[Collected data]

↓

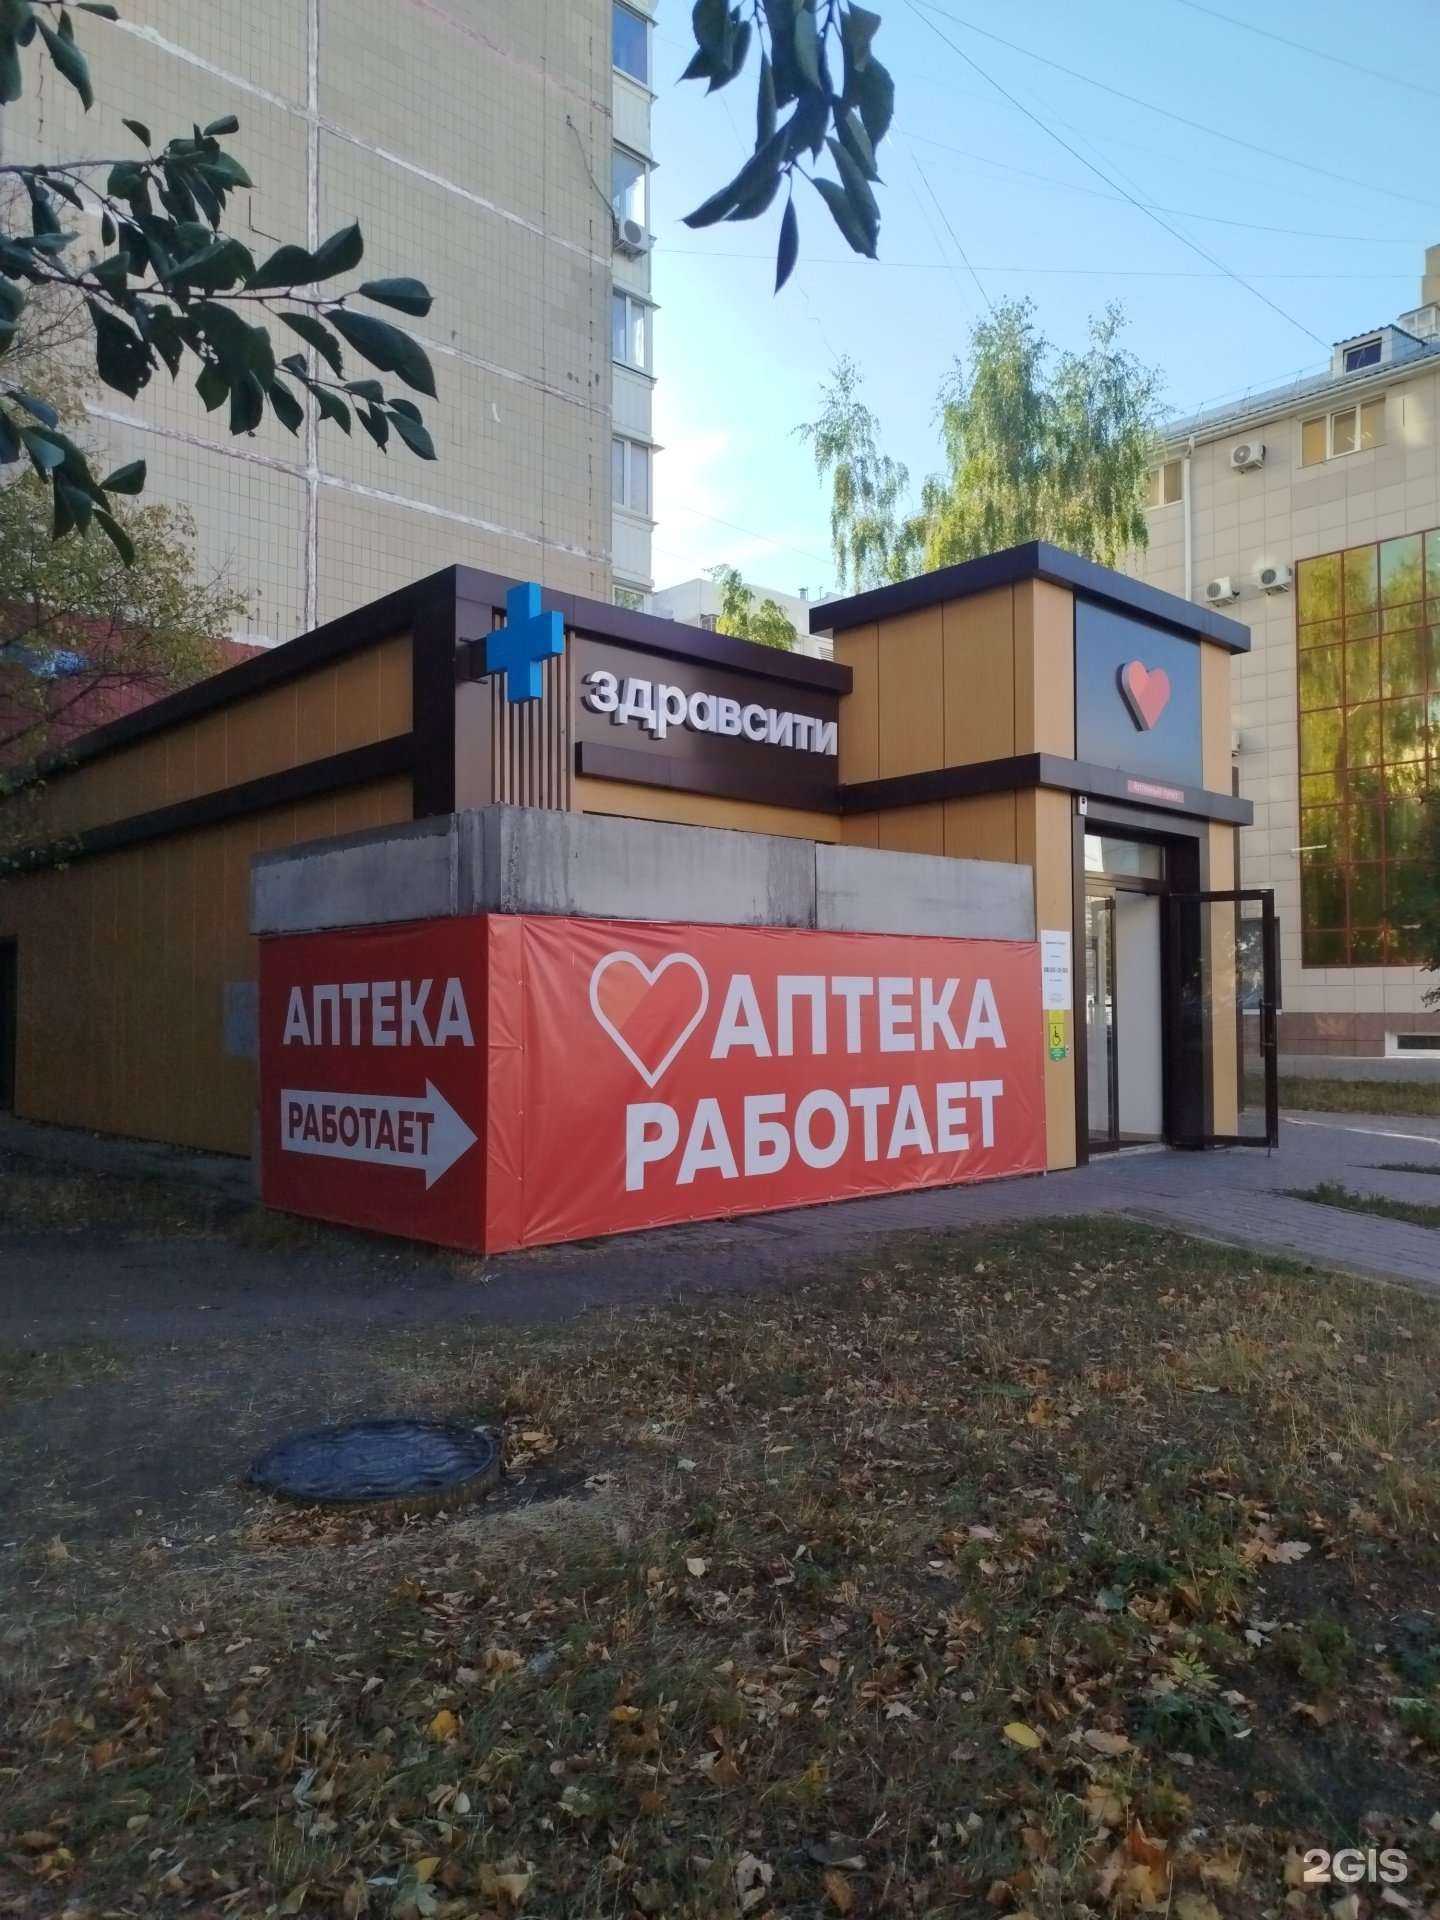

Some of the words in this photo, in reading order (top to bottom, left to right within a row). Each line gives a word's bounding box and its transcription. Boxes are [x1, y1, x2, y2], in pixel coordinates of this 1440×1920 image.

[585, 670, 838, 756] здравсити
[282, 976, 475, 1047] АПТЕКА
[710, 974, 1007, 1059] АПТЕКА
[288, 1101, 435, 1155] РАБОТАЕТ
[625, 1079, 1003, 1191] РАБОТАЕТ

↑

WHAT IS NEEDED: Without changing a word, retype every entry above, but drop its pictures.

SOLUTION:
Some of the words in this photo, in reading order (top to bottom, left to right within a row). Each line gives a word's bounding box and its transcription. Boxes are [x1, y1, x2, y2], in pixel coordinates of this 1440×1920 image.

[585, 670, 838, 756] здравсити
[282, 976, 475, 1047] АПТЕКА
[710, 974, 1007, 1059] АПТЕКА
[288, 1101, 435, 1155] РАБОТАЕТ
[625, 1079, 1003, 1191] РАБОТАЕТ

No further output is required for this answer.